◆ **Exercise instructions**:
Set down the data again word for word. Skip any pictures.

◆ **Input**:

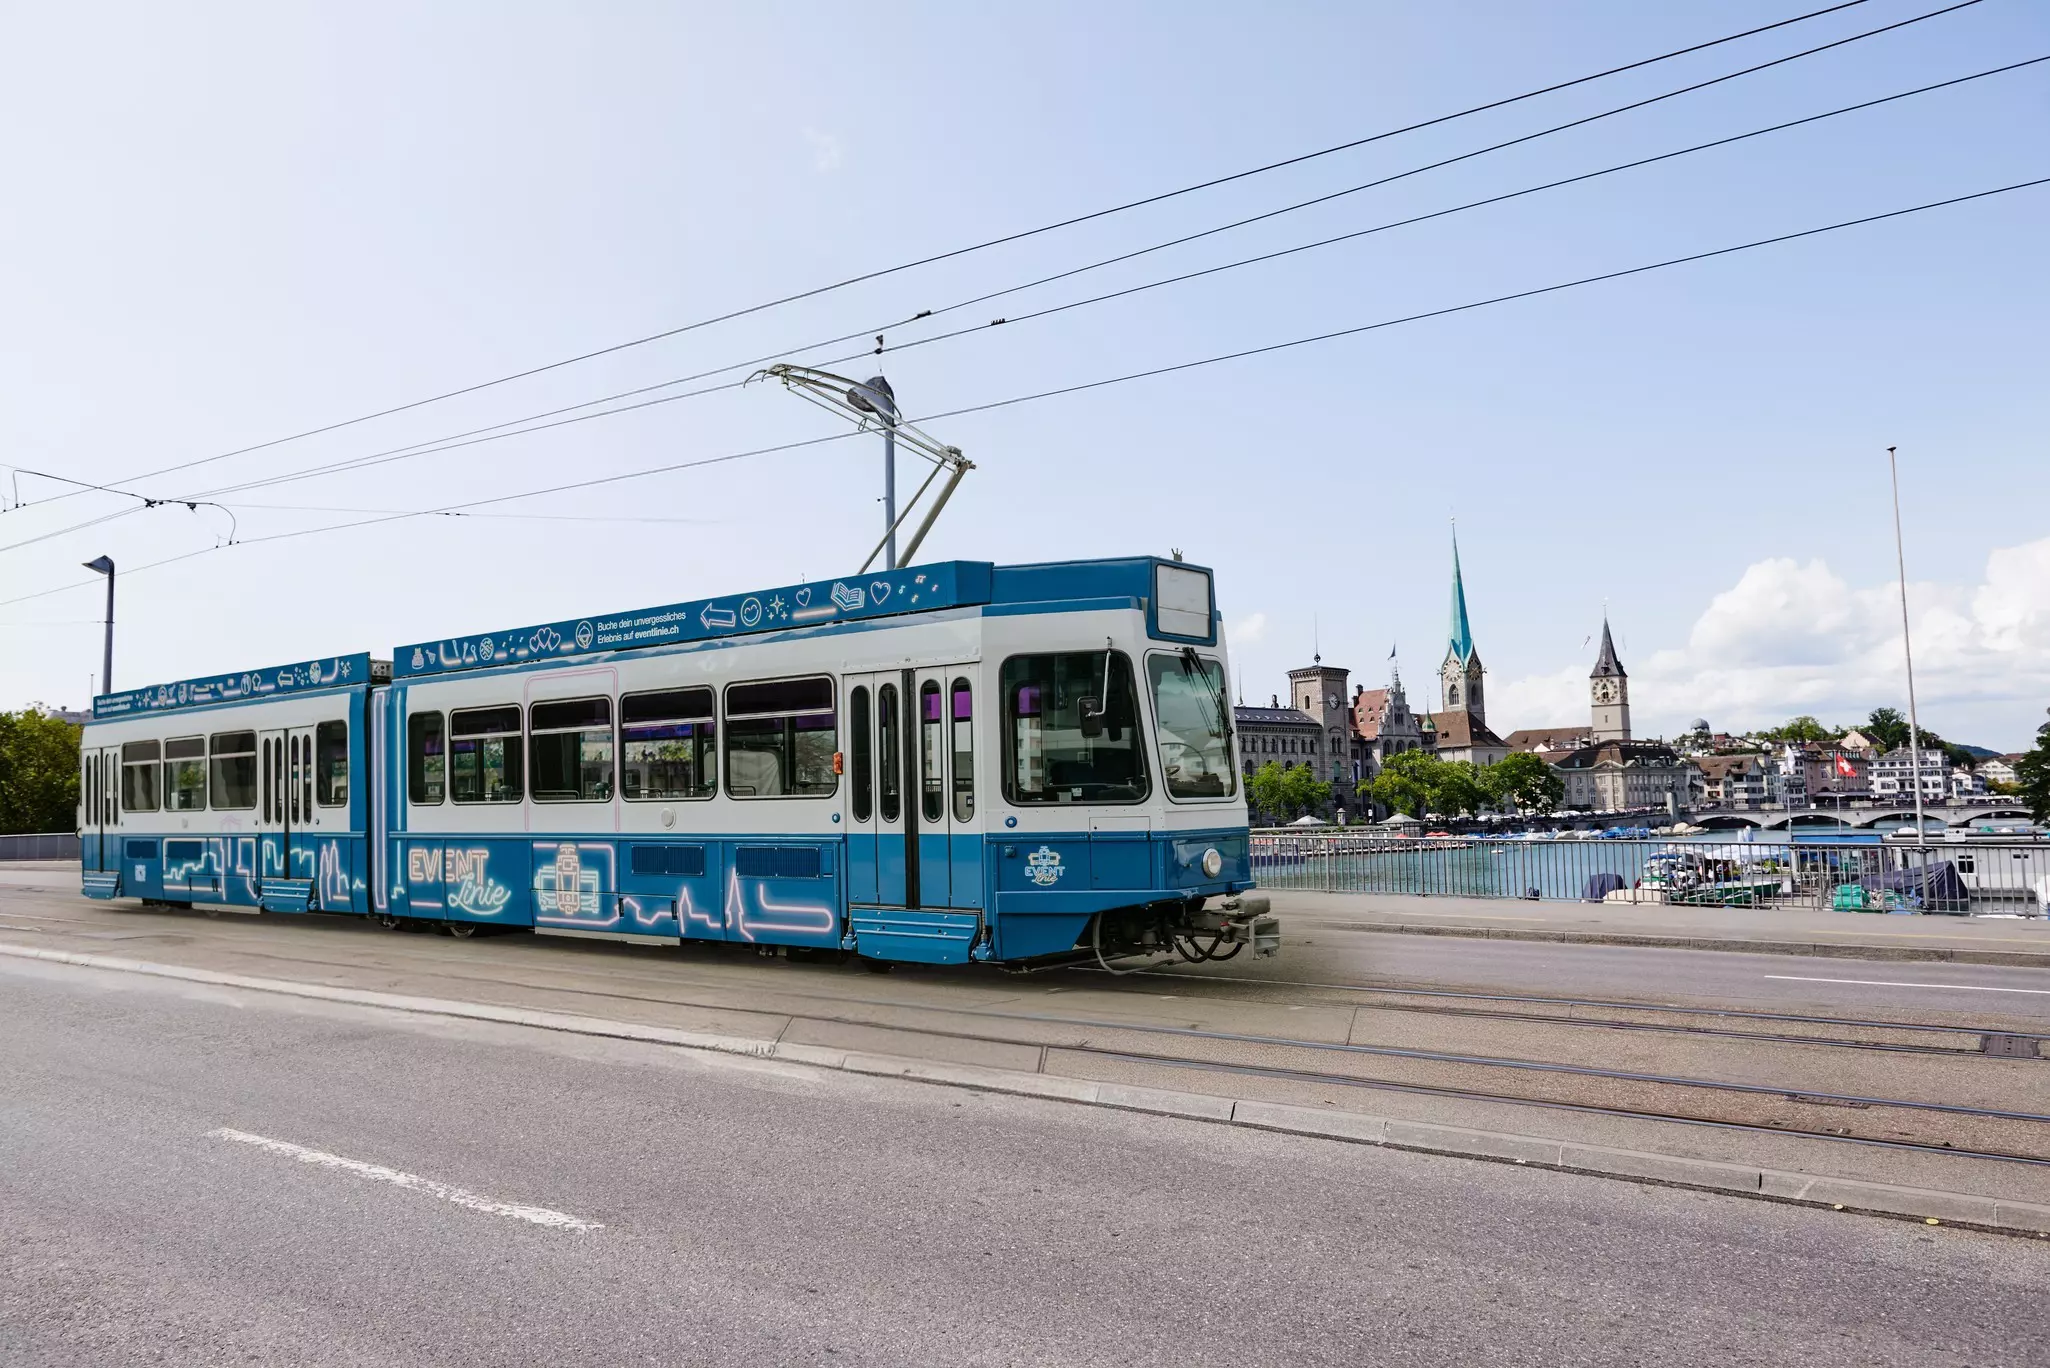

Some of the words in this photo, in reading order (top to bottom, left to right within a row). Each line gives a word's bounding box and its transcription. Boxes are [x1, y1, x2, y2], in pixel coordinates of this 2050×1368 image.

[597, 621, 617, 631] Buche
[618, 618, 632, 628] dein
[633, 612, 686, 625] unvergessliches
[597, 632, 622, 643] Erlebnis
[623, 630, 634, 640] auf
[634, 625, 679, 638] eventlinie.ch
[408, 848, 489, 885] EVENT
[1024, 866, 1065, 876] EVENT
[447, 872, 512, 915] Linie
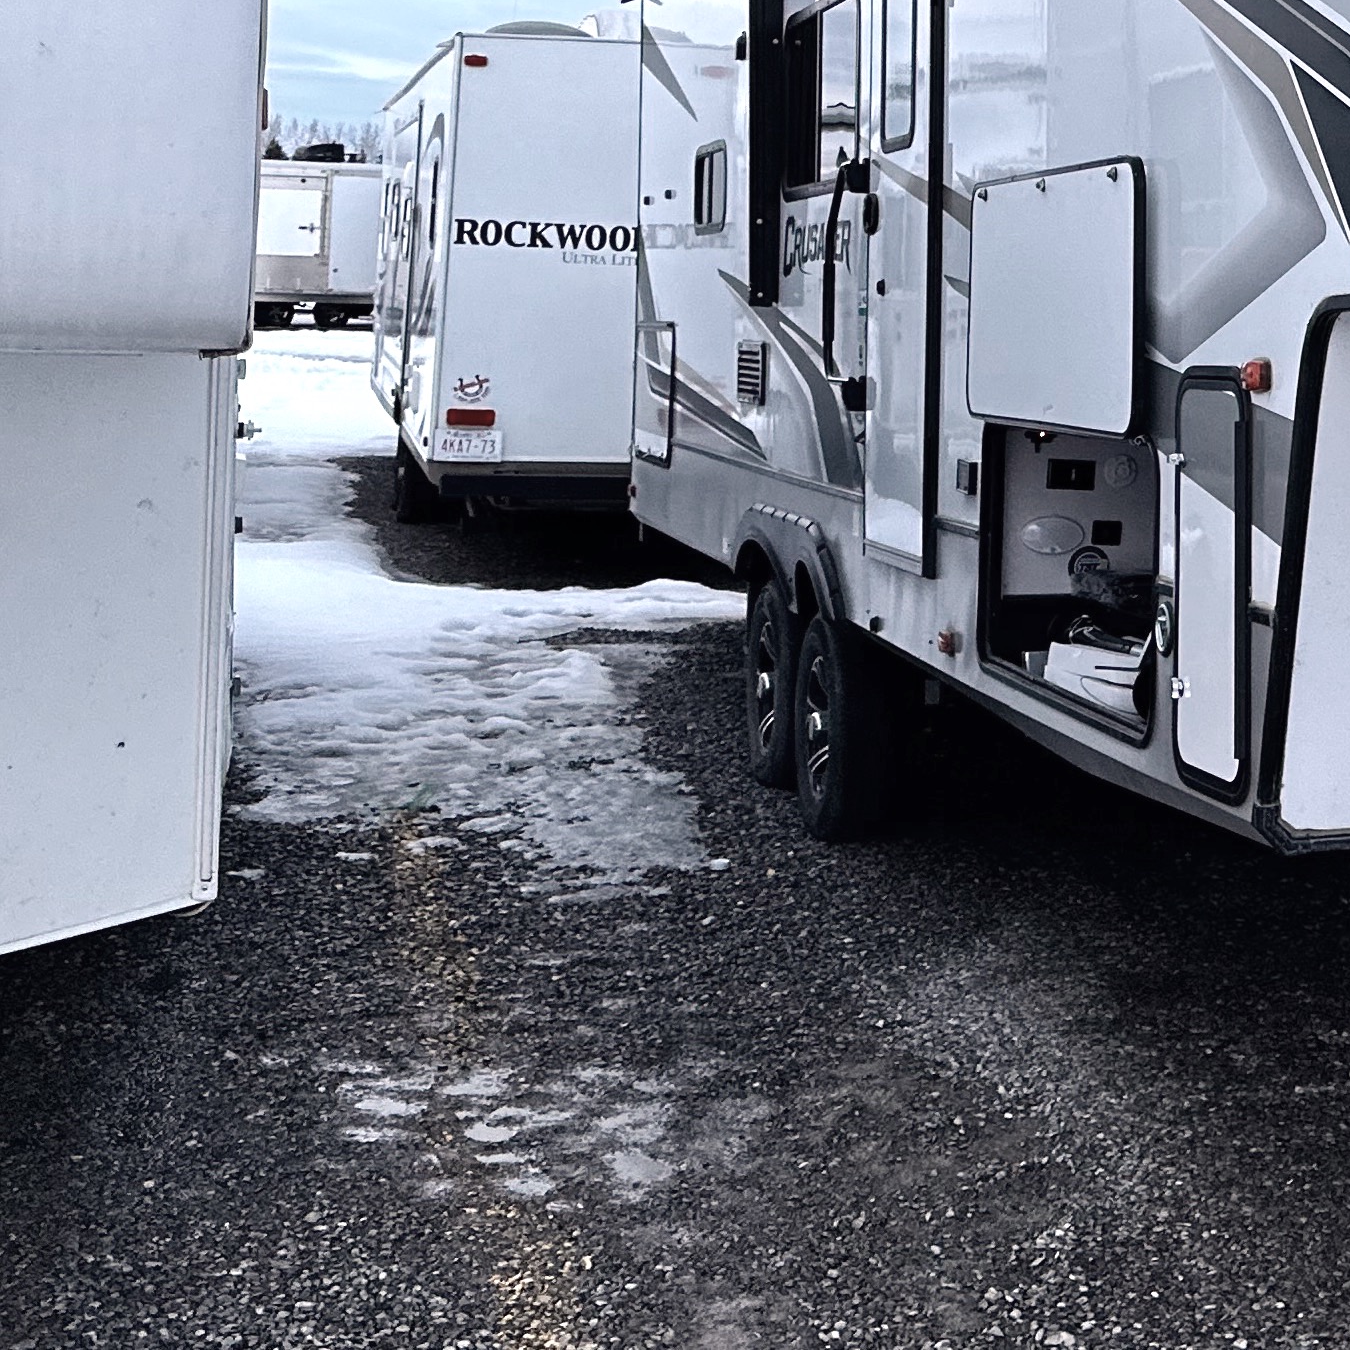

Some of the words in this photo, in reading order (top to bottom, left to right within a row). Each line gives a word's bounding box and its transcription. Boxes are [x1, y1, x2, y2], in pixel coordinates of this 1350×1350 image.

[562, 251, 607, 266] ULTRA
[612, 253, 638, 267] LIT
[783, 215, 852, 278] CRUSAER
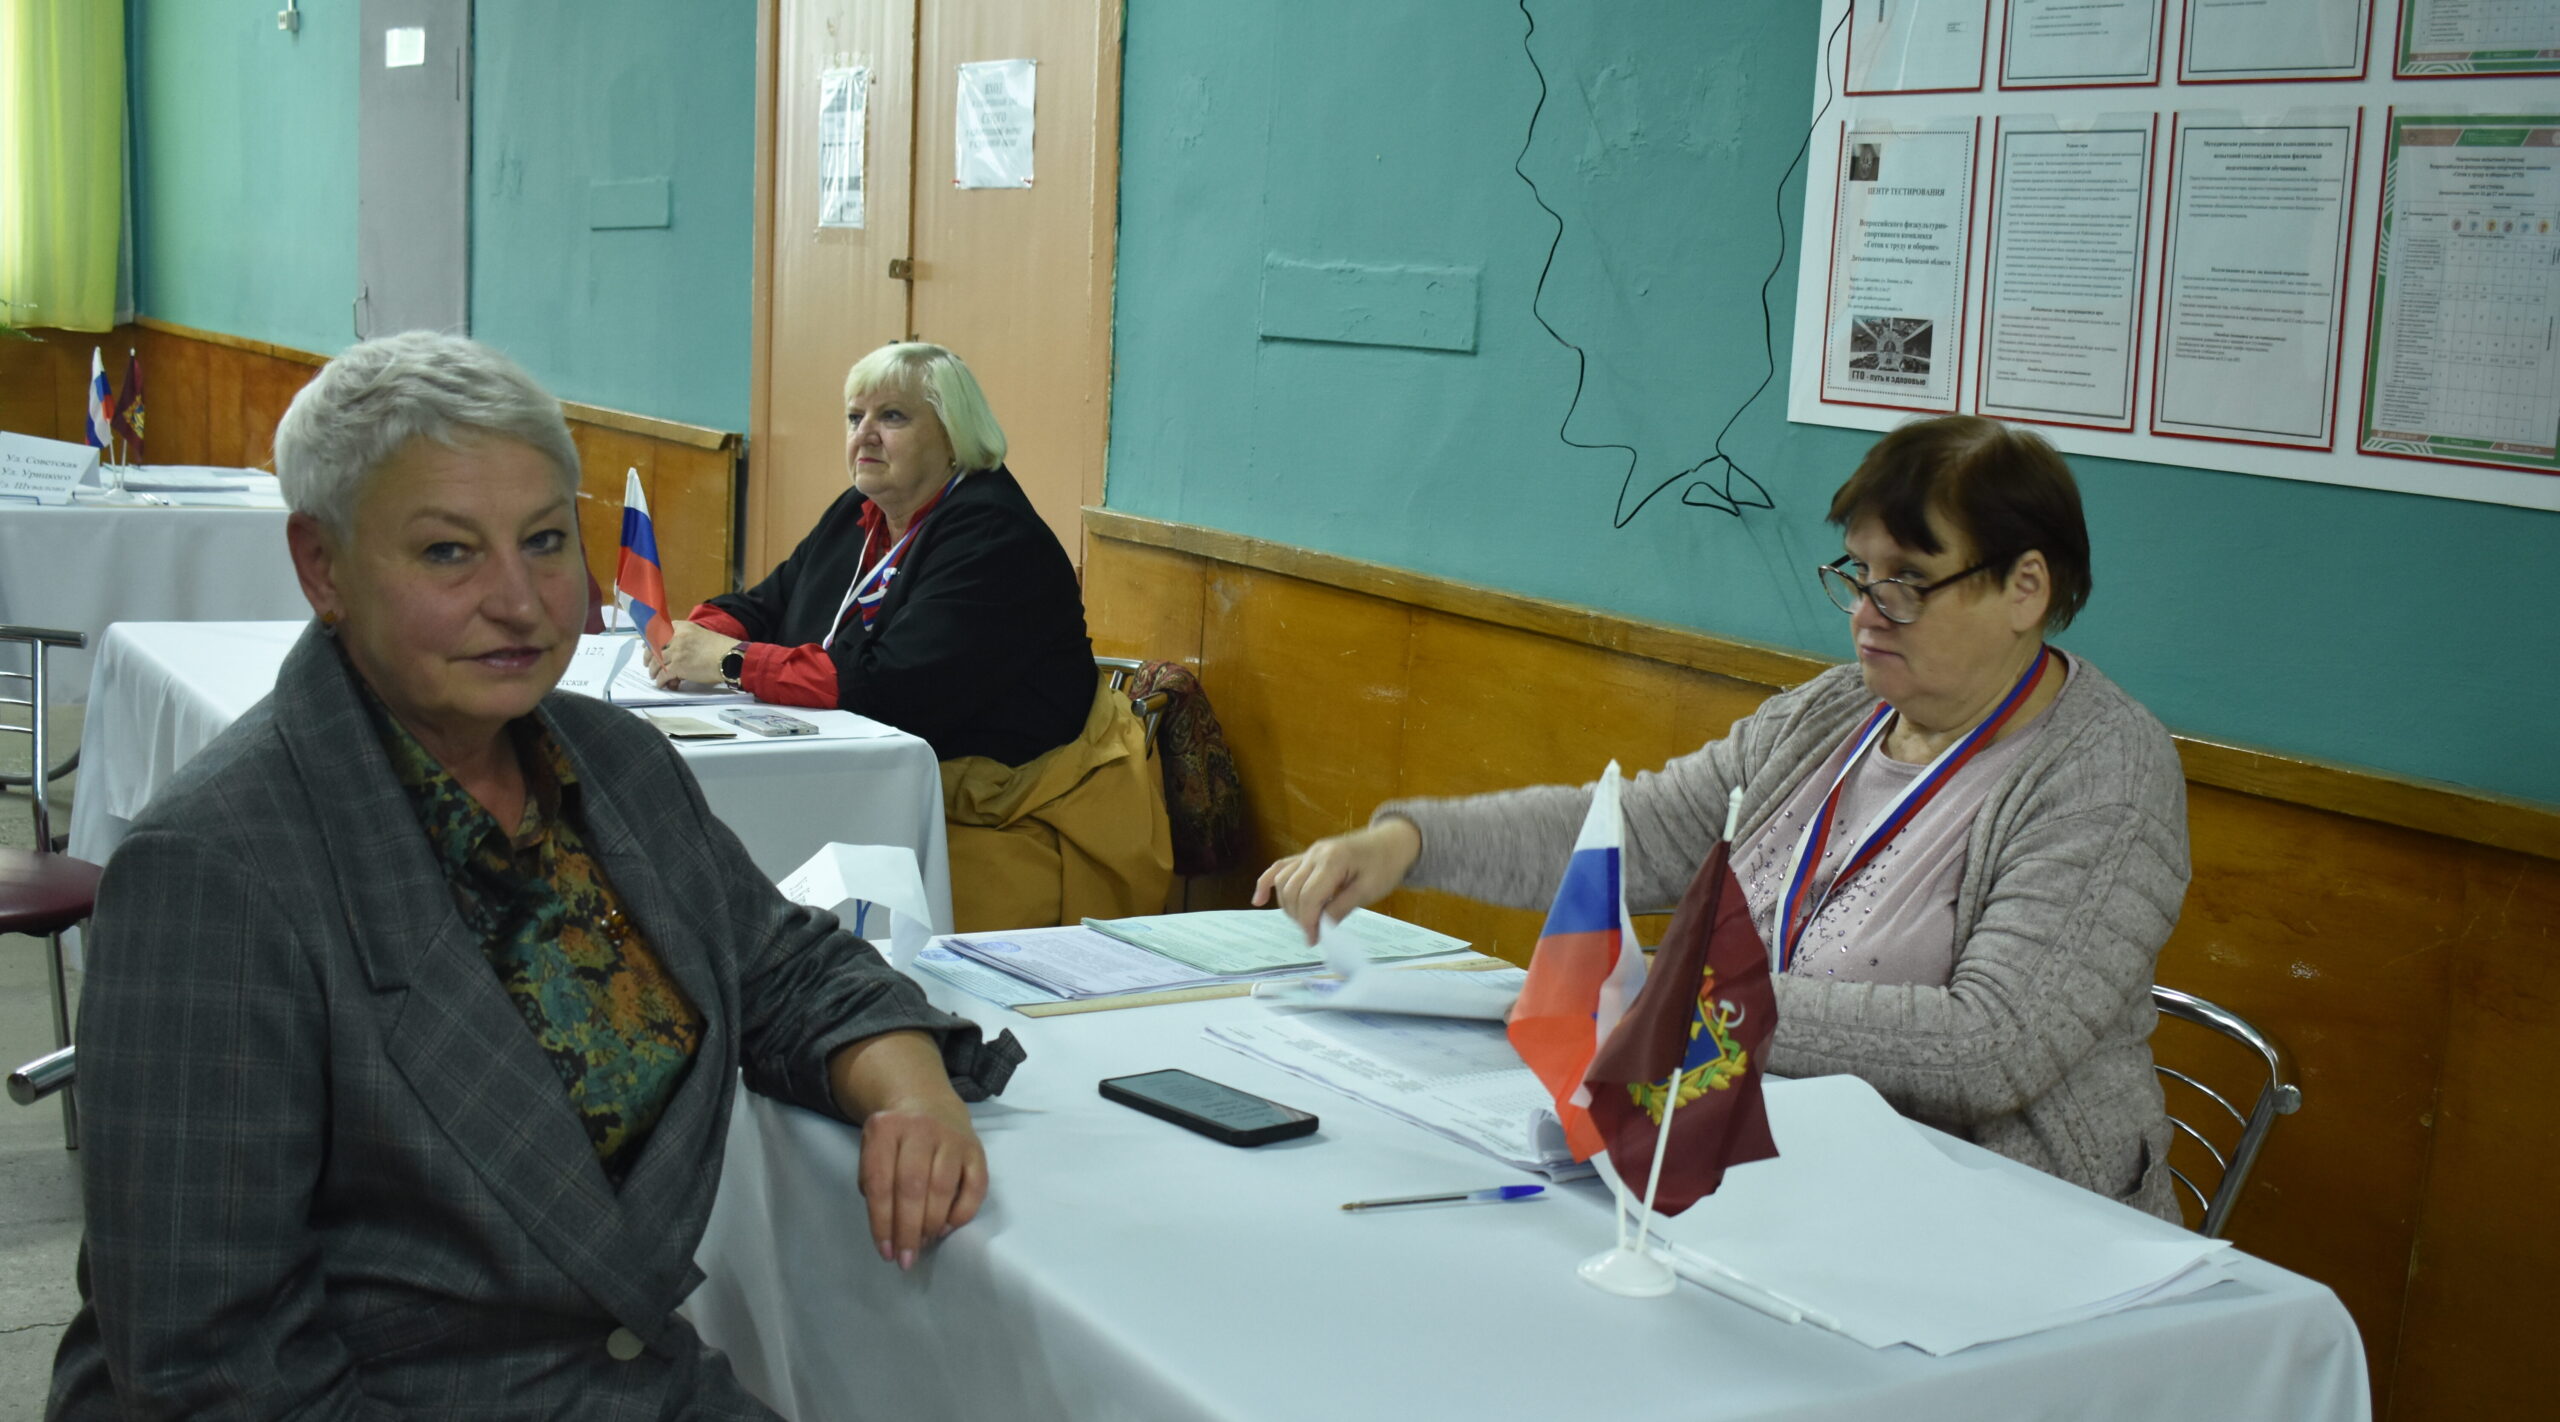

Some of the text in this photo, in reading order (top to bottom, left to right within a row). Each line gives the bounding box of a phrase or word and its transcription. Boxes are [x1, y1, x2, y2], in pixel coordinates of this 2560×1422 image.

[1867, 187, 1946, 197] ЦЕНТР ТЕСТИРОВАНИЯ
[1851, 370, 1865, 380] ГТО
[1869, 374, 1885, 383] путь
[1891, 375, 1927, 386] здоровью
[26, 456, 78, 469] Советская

◆ **Reply to the exercise**:
Some of the words in this photo, in reading order (top to bottom, left to right within a row). Each line gives a word's bounding box and its transcription. Boxes are [x1, y1, x2, y2], in pixel coordinates of this 2050×1368 image.

[597, 621, 617, 631] Buche
[618, 618, 632, 628] dein
[633, 612, 686, 625] unvergessliches
[597, 632, 622, 643] Erlebnis
[623, 630, 634, 640] auf
[634, 625, 679, 638] eventlinie.ch
[408, 848, 489, 885] EVENT
[1024, 866, 1065, 876] EVENT
[447, 872, 512, 915] Linie

Some of the words in this photo, in reading order (top to bottom, left to right within a row). Each line gives a word's bounding box and its transcription. Boxes are [x1, y1, x2, y2], in pixel coordinates of this 1350×1350 image.

[562, 251, 607, 266] ULTRA
[612, 253, 638, 267] LIT
[783, 215, 852, 278] CRUSAER

Some of the text in this photo, in reading order (top to bottom, left to right within a row). Each line gives the bounding box of a phrase or word and its transcription. Boxes are [x1, y1, x2, y2], in pixel coordinates of this 2560×1422 image.

[1867, 187, 1946, 197] ЦЕНТР ТЕСТИРОВАНИЯ
[1851, 370, 1865, 380] ГТО
[1869, 374, 1885, 383] путь
[1891, 375, 1927, 386] здоровью
[26, 456, 78, 469] Советская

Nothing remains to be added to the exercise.